- [Work instructions] An exact reproduction of the data below is the required answer.

- [Provided material]
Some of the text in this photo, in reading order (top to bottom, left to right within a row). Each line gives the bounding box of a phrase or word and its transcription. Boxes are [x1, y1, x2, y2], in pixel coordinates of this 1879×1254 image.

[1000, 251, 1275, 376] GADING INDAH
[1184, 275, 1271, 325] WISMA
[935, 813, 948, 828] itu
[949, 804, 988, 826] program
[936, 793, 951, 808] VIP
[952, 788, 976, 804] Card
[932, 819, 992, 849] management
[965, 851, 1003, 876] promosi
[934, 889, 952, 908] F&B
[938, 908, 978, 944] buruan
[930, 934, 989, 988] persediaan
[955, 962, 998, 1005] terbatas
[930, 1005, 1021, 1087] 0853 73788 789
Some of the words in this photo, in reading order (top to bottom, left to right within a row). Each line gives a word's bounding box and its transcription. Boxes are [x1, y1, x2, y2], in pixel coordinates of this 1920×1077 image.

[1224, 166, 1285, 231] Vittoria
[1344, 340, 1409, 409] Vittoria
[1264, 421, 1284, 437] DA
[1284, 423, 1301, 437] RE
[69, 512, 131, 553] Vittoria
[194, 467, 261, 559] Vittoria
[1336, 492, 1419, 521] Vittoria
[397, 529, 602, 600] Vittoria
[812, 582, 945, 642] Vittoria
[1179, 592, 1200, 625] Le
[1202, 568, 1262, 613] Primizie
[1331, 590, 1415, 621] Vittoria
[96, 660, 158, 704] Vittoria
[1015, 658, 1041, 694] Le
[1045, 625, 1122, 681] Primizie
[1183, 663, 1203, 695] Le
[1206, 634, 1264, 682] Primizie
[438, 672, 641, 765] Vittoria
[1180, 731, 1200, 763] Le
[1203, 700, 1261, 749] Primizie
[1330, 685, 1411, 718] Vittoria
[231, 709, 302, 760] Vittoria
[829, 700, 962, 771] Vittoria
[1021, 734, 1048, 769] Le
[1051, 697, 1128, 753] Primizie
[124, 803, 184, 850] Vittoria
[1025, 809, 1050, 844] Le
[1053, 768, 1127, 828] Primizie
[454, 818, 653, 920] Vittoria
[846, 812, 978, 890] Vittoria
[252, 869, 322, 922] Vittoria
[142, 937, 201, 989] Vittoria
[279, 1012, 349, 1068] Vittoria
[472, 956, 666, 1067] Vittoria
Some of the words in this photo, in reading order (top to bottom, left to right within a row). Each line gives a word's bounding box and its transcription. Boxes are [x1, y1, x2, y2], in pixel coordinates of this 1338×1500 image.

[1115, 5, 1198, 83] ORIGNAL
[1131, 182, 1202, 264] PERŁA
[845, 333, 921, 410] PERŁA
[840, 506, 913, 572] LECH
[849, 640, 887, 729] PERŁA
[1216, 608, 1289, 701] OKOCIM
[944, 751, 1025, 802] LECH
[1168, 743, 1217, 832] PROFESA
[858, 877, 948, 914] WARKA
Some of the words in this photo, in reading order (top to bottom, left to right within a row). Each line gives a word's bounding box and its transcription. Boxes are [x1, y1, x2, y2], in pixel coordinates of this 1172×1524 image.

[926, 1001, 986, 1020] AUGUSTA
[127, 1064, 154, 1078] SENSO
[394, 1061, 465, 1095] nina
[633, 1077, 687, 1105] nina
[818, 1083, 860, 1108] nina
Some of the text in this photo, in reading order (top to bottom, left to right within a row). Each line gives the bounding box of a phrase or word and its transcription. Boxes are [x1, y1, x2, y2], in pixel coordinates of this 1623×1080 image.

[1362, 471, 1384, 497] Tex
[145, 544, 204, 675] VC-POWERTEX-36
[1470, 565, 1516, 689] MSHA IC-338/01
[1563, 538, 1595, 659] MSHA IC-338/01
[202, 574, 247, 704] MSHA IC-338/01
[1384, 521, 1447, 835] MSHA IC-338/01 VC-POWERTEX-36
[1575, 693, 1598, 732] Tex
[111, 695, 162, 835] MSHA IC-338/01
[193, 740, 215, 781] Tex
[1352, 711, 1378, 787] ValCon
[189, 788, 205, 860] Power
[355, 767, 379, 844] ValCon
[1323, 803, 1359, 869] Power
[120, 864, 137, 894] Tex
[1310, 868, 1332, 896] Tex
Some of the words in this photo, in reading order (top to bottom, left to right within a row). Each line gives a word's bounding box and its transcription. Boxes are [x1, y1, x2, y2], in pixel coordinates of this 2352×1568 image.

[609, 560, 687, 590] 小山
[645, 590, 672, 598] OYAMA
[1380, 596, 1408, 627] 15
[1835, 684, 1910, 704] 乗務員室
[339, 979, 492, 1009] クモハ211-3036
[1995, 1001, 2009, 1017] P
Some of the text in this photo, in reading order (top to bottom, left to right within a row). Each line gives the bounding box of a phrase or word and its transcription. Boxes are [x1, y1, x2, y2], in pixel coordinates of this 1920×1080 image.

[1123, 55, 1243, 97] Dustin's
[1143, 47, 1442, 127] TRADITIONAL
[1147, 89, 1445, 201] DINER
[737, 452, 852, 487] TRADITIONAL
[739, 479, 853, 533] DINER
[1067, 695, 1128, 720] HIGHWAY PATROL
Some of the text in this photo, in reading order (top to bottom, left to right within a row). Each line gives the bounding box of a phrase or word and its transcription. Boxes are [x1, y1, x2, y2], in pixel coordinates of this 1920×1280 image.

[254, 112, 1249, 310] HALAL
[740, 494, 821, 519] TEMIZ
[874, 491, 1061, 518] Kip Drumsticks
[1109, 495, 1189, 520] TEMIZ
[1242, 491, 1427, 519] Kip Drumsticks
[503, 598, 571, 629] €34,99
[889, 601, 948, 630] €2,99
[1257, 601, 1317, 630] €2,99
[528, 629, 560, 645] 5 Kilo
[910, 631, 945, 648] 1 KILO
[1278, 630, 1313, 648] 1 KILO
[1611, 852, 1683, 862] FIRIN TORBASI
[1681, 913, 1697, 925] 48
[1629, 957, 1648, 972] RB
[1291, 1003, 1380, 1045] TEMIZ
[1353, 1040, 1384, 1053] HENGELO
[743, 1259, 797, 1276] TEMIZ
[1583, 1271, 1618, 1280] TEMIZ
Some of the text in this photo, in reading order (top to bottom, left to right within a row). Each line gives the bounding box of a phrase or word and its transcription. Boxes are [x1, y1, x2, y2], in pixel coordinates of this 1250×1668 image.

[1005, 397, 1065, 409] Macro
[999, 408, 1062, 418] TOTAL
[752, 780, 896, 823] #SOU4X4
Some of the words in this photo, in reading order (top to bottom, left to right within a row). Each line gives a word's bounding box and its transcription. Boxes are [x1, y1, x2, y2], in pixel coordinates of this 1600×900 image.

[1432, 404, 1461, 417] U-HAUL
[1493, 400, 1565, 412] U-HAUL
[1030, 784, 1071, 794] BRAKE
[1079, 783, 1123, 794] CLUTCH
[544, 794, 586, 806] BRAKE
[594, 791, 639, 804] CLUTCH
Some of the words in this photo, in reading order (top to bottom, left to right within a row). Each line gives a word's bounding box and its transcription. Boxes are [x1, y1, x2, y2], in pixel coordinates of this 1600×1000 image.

- [Task result]
Some of the text in this photo, in reading order (top to bottom, left to right within a row). Each line gives the bounding box of a phrase or word and its transcription. Boxes are [x1, y1, x2, y2], in pixel coordinates of this 1879×1254 image.

[1000, 251, 1275, 376] GADING INDAH
[1184, 275, 1271, 325] WISMA
[935, 813, 948, 828] itu
[949, 804, 988, 826] program
[936, 793, 951, 808] VIP
[952, 788, 976, 804] Card
[932, 819, 992, 849] management
[965, 851, 1003, 876] promosi
[934, 889, 952, 908] F&B
[938, 908, 978, 944] buruan
[930, 934, 989, 988] persediaan
[955, 962, 998, 1005] terbatas
[930, 1005, 1021, 1087] 0853 73788 789
Some of the words in this photo, in reading order (top to bottom, left to right within a row). Each line gives a word's bounding box and its transcription. Boxes are [x1, y1, x2, y2], in pixel coordinates of this 1920×1077 image.

[1224, 166, 1285, 231] Vittoria
[1344, 340, 1409, 409] Vittoria
[1264, 421, 1284, 437] DA
[1284, 423, 1301, 437] RE
[69, 512, 131, 553] Vittoria
[194, 467, 261, 559] Vittoria
[1336, 492, 1419, 521] Vittoria
[397, 529, 602, 600] Vittoria
[812, 582, 945, 642] Vittoria
[1179, 592, 1200, 625] Le
[1202, 568, 1262, 613] Primizie
[1331, 590, 1415, 621] Vittoria
[96, 660, 158, 704] Vittoria
[1015, 658, 1041, 694] Le
[1045, 625, 1122, 681] Primizie
[1183, 663, 1203, 695] Le
[1206, 634, 1264, 682] Primizie
[438, 672, 641, 765] Vittoria
[1180, 731, 1200, 763] Le
[1203, 700, 1261, 749] Primizie
[1330, 685, 1411, 718] Vittoria
[231, 709, 302, 760] Vittoria
[829, 700, 962, 771] Vittoria
[1021, 734, 1048, 769] Le
[1051, 697, 1128, 753] Primizie
[124, 803, 184, 850] Vittoria
[1025, 809, 1050, 844] Le
[1053, 768, 1127, 828] Primizie
[454, 818, 653, 920] Vittoria
[846, 812, 978, 890] Vittoria
[252, 869, 322, 922] Vittoria
[142, 937, 201, 989] Vittoria
[279, 1012, 349, 1068] Vittoria
[472, 956, 666, 1067] Vittoria
Some of the words in this photo, in reading order (top to bottom, left to right within a row). Each line gives a word's bounding box and its transcription. Boxes are [x1, y1, x2, y2], in pixel coordinates of this 1338×1500 image.

[1115, 5, 1198, 83] ORIGNAL
[1131, 182, 1202, 264] PERŁA
[845, 333, 921, 410] PERŁA
[840, 506, 913, 572] LECH
[849, 640, 887, 729] PERŁA
[1216, 608, 1289, 701] OKOCIM
[944, 751, 1025, 802] LECH
[1168, 743, 1217, 832] PROFESA
[858, 877, 948, 914] WARKA
Some of the words in this photo, in reading order (top to bottom, left to right within a row). Each line gives a word's bounding box and its transcription. Boxes are [x1, y1, x2, y2], in pixel coordinates of this 1172×1524 image.

[926, 1001, 986, 1020] AUGUSTA
[127, 1064, 154, 1078] SENSO
[394, 1061, 465, 1095] nina
[633, 1077, 687, 1105] nina
[818, 1083, 860, 1108] nina
Some of the text in this photo, in reading order (top to bottom, left to right within a row). Each line gives the bounding box of a phrase or word and its transcription. Boxes are [x1, y1, x2, y2], in pixel coordinates of this 1623×1080 image.

[1362, 471, 1384, 497] Tex
[145, 544, 204, 675] VC-POWERTEX-36
[1470, 565, 1516, 689] MSHA IC-338/01
[1563, 538, 1595, 659] MSHA IC-338/01
[202, 574, 247, 704] MSHA IC-338/01
[1384, 521, 1447, 835] MSHA IC-338/01 VC-POWERTEX-36
[1575, 693, 1598, 732] Tex
[111, 695, 162, 835] MSHA IC-338/01
[193, 740, 215, 781] Tex
[1352, 711, 1378, 787] ValCon
[189, 788, 205, 860] Power
[355, 767, 379, 844] ValCon
[1323, 803, 1359, 869] Power
[120, 864, 137, 894] Tex
[1310, 868, 1332, 896] Tex
Some of the words in this photo, in reading order (top to bottom, left to right within a row). Each line gives a word's bounding box and its transcription. Boxes are [x1, y1, x2, y2], in pixel coordinates of this 2352×1568 image.

[609, 560, 687, 590] 小山
[645, 590, 672, 598] OYAMA
[1380, 596, 1408, 627] 15
[1835, 684, 1910, 704] 乗務員室
[339, 979, 492, 1009] クモハ211-3036
[1995, 1001, 2009, 1017] P
Some of the text in this photo, in reading order (top to bottom, left to right within a row). Each line gives the bounding box of a phrase or word and its transcription. Boxes are [x1, y1, x2, y2], in pixel coordinates of this 1920×1080 image.

[1123, 55, 1243, 97] Dustin's
[1143, 47, 1442, 127] TRADITIONAL
[1147, 89, 1445, 201] DINER
[737, 452, 852, 487] TRADITIONAL
[739, 479, 853, 533] DINER
[1067, 695, 1128, 720] HIGHWAY PATROL
Some of the text in this photo, in reading order (top to bottom, left to right within a row). Each line gives the bounding box of a phrase or word and its transcription. Boxes are [x1, y1, x2, y2], in pixel coordinates of this 1920×1280 image.

[254, 112, 1249, 310] HALAL
[740, 494, 821, 519] TEMIZ
[874, 491, 1061, 518] Kip Drumsticks
[1109, 495, 1189, 520] TEMIZ
[1242, 491, 1427, 519] Kip Drumsticks
[503, 598, 571, 629] €34,99
[889, 601, 948, 630] €2,99
[1257, 601, 1317, 630] €2,99
[528, 629, 560, 645] 5 Kilo
[910, 631, 945, 648] 1 KILO
[1278, 630, 1313, 648] 1 KILO
[1611, 852, 1683, 862] FIRIN TORBASI
[1681, 913, 1697, 925] 48
[1629, 957, 1648, 972] RB
[1291, 1003, 1380, 1045] TEMIZ
[1353, 1040, 1384, 1053] HENGELO
[743, 1259, 797, 1276] TEMIZ
[1583, 1271, 1618, 1280] TEMIZ
Some of the text in this photo, in reading order (top to bottom, left to right within a row). Each line gives the bounding box of a phrase or word and its transcription. Boxes are [x1, y1, x2, y2], in pixel coordinates of this 1250×1668 image.

[1005, 397, 1065, 409] Macro
[999, 408, 1062, 418] TOTAL
[752, 780, 896, 823] #SOU4X4
Some of the words in this photo, in reading order (top to bottom, left to right within a row). Each line gives a word's bounding box and its transcription. Boxes are [x1, y1, x2, y2], in pixel coordinates of this 1600×900 image.

[1432, 404, 1461, 417] U-HAUL
[1493, 400, 1565, 412] U-HAUL
[1030, 784, 1071, 794] BRAKE
[1079, 783, 1123, 794] CLUTCH
[544, 794, 586, 806] BRAKE
[594, 791, 639, 804] CLUTCH
Some of the words in this photo, in reading order (top to bottom, left to right within a row). Each line gives a word's bounding box and its transcription. Boxes are [x1, y1, x2, y2], in pixel coordinates of this 1600×1000 image.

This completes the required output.